Personal information
- Full name: Nikolay Ivelinov Bankov
- Date of birth: 19 November 1990 (age 34)
- Place of birth: Dobrich, Bulgaria
- Height: 1.89 m (6 ft 2 in)
- Position(s): Goalkeeper

Youth career
- Dobrudzha Dobrich

Senior career*
- Years: Team / Apps / (Gls)
- 2008–2010: Spartak Varna / 14 / (0)
- 2010–2013: Minyor Pernik / 8 / (0)
- 2013: Spartak Varna / 11 / (0)
- 2014–2015: Haskovo / 25 / (0)
- 2015: Pirin Blagoevgrad / 0 / (0)
- 2016: Dobrudzha Dobrich / 12 / (0)
- 2016–2017: Lokomotiv GO / 26 / (0)
- 2017–2018: Ruch Chorzów / 18 / (0)
- 2018: Botev Vratsa / 0 / (0)
- 2019: Chalkida
- 2019–2020: Arda Kardzhali / 3 / (0)
- 2020–2022: Septemvri Sofia / 43 / (0)

= Nikolay Bankov =

Bulgarian footballer

Nikolay Ivelinov Bankov (Николай Банков; born 19 November 1990) is a Bulgarian former professional footballer who played as a goalkeeper.

==Career==
Bankov started his career in his home town Dobrich in the local team Dobrudzha Dobrich.
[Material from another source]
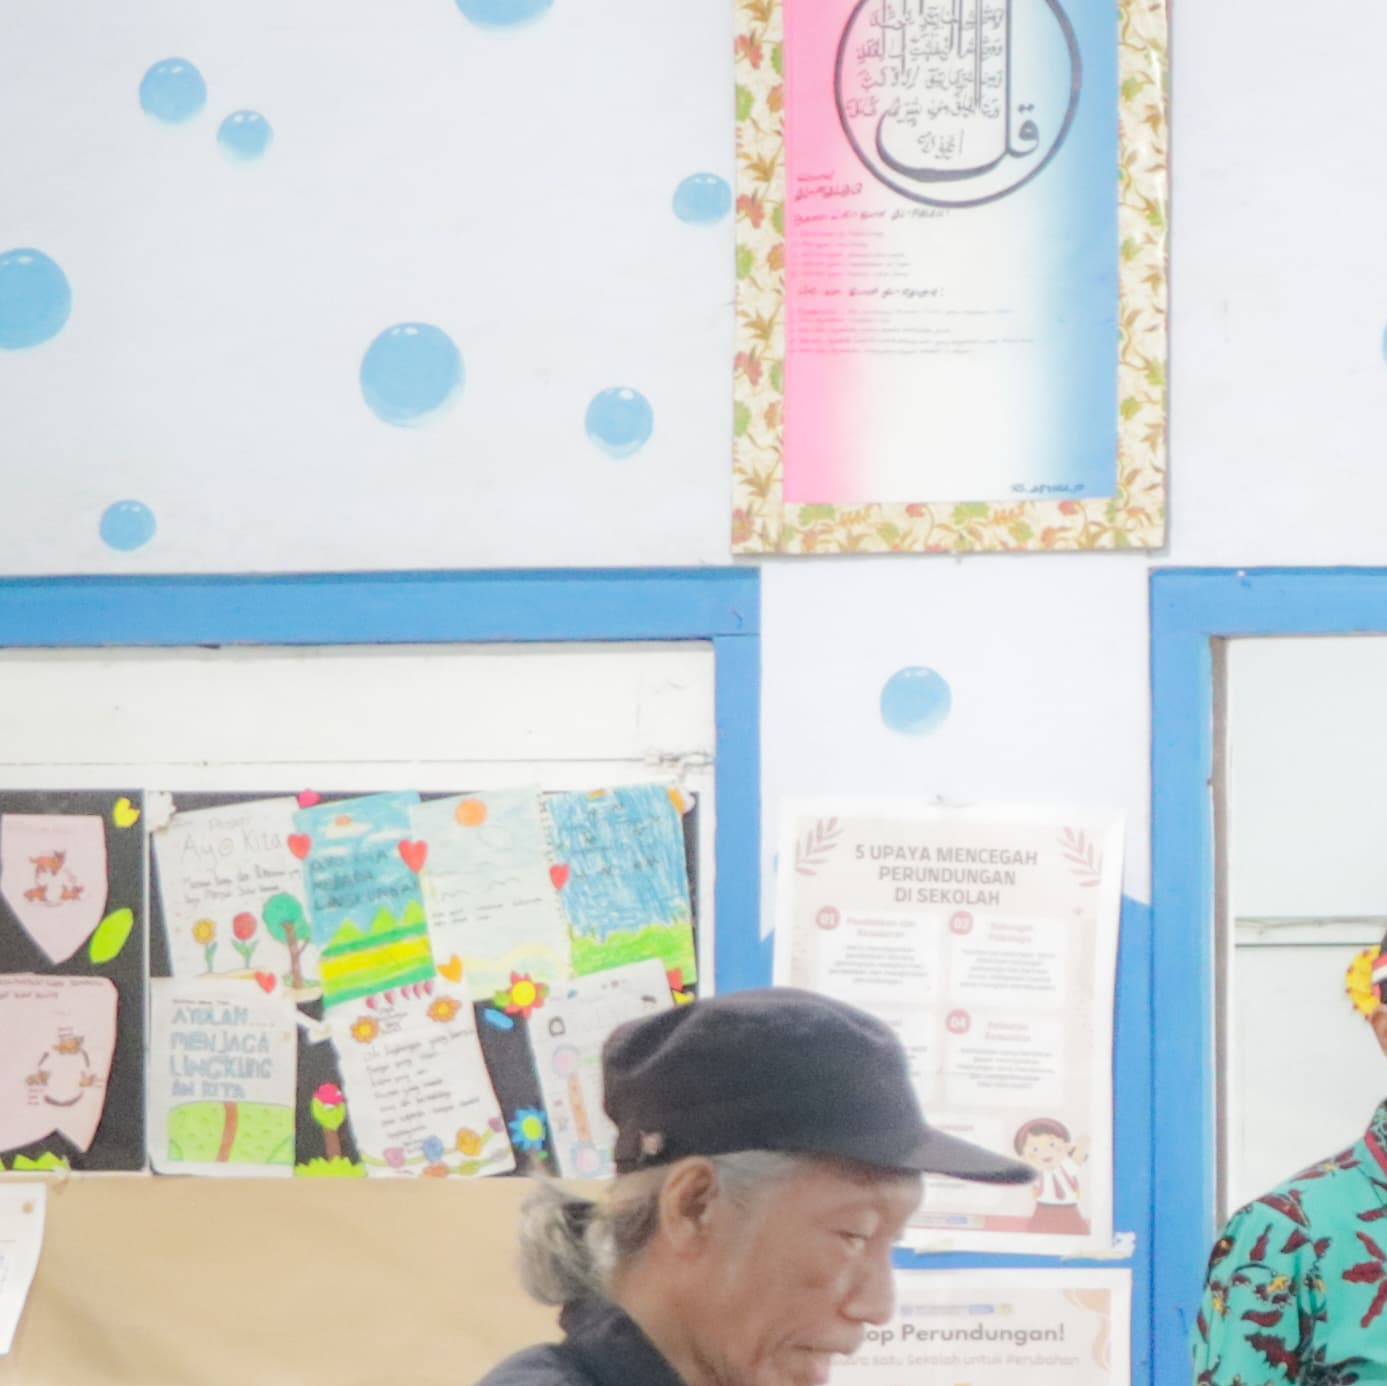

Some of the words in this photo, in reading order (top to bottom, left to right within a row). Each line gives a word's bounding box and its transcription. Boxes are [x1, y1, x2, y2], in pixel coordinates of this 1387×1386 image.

He made an impression during the 2016–17 season while playing for Lokomotiv Gorna Oryahovitsa. He left the club in June 2017 when his contract expired following the team's relegation to Second League.

On 18 July 2017, Bankov signed a two-year contract with Polish I liga side Ruch Chorzów. He was part of the Arda Kardzhali team between June 2019 and June 2020.